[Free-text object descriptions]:
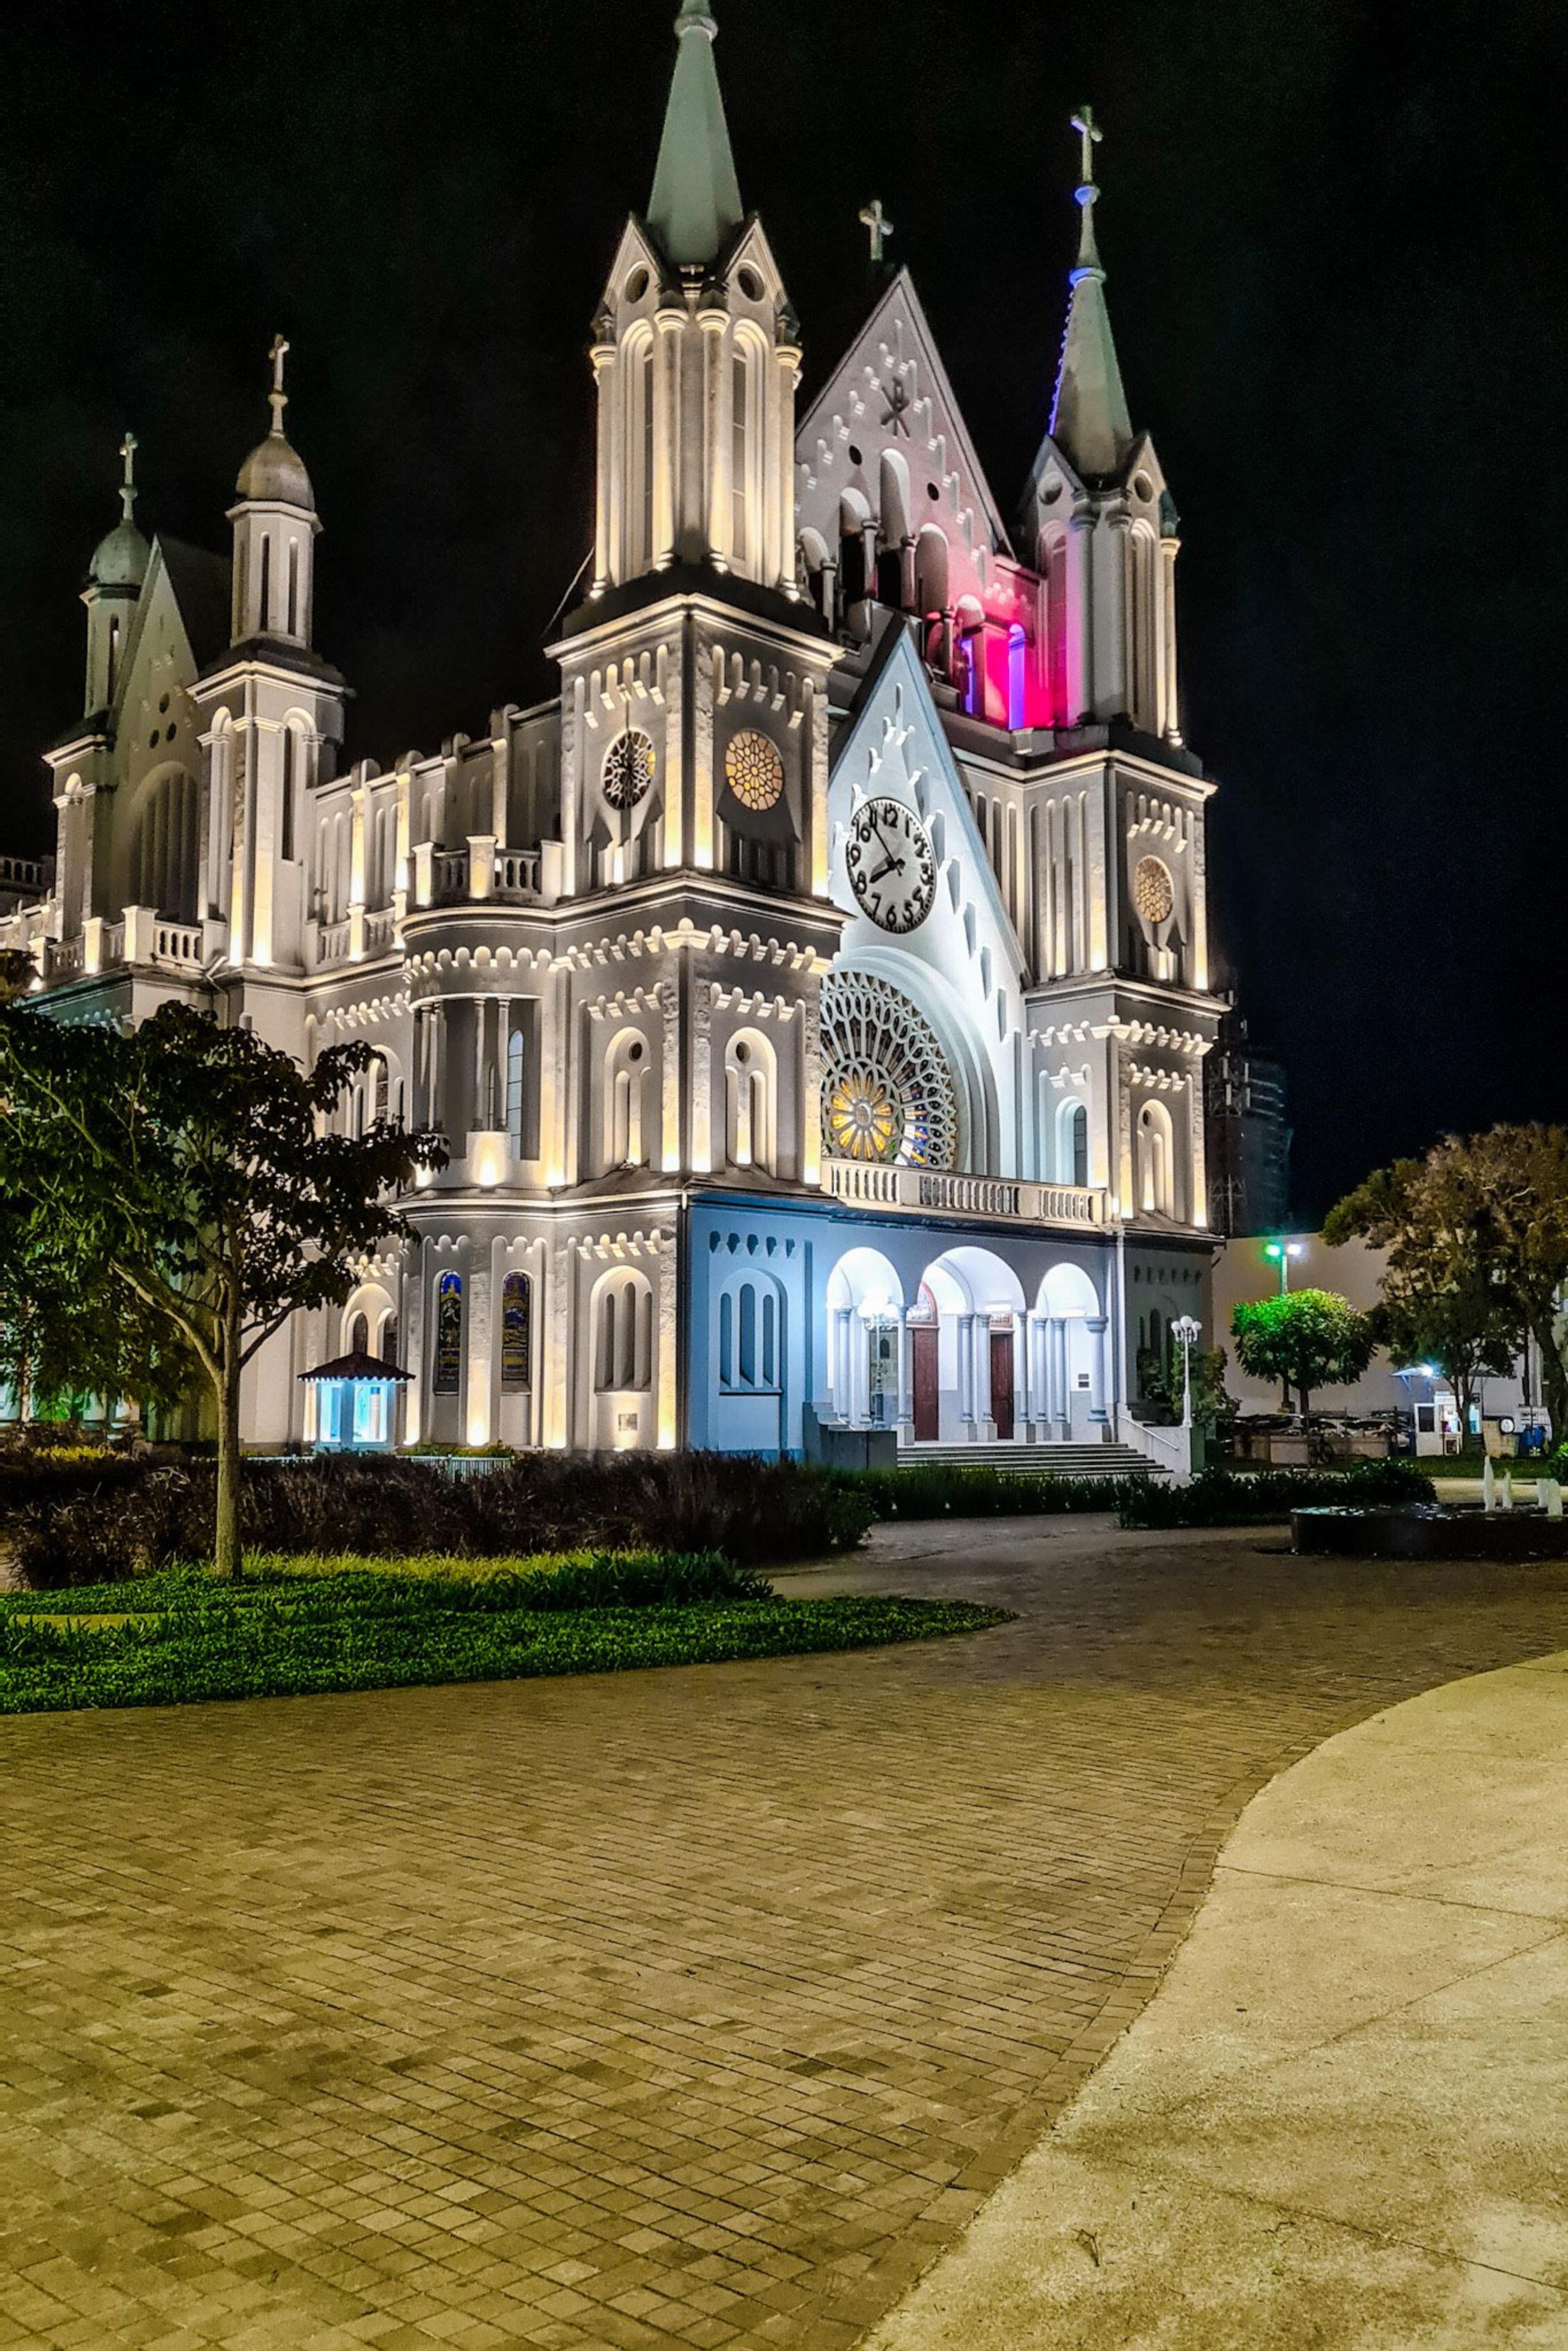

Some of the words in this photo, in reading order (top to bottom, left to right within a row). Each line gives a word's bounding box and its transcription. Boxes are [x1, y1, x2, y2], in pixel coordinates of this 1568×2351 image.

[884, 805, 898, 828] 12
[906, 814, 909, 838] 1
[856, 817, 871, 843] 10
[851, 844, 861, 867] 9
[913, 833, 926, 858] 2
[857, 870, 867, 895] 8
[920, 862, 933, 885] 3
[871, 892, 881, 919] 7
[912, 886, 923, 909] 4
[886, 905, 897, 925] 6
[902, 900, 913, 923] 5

[Aim of the task]:
Print all the records again exactly; do not include any picture.

[Reply]:
Some of the words in this photo, in reading order (top to bottom, left to right within a row). Each line gives a word's bounding box and its transcription. Boxes are [x1, y1, x2, y2], in pixel coordinates of this 1568×2351 image.

[884, 805, 898, 828] 12
[906, 814, 909, 838] 1
[856, 817, 871, 843] 10
[851, 844, 861, 867] 9
[913, 833, 926, 858] 2
[857, 870, 867, 895] 8
[920, 862, 933, 885] 3
[871, 892, 881, 919] 7
[912, 886, 923, 909] 4
[886, 905, 897, 925] 6
[902, 900, 913, 923] 5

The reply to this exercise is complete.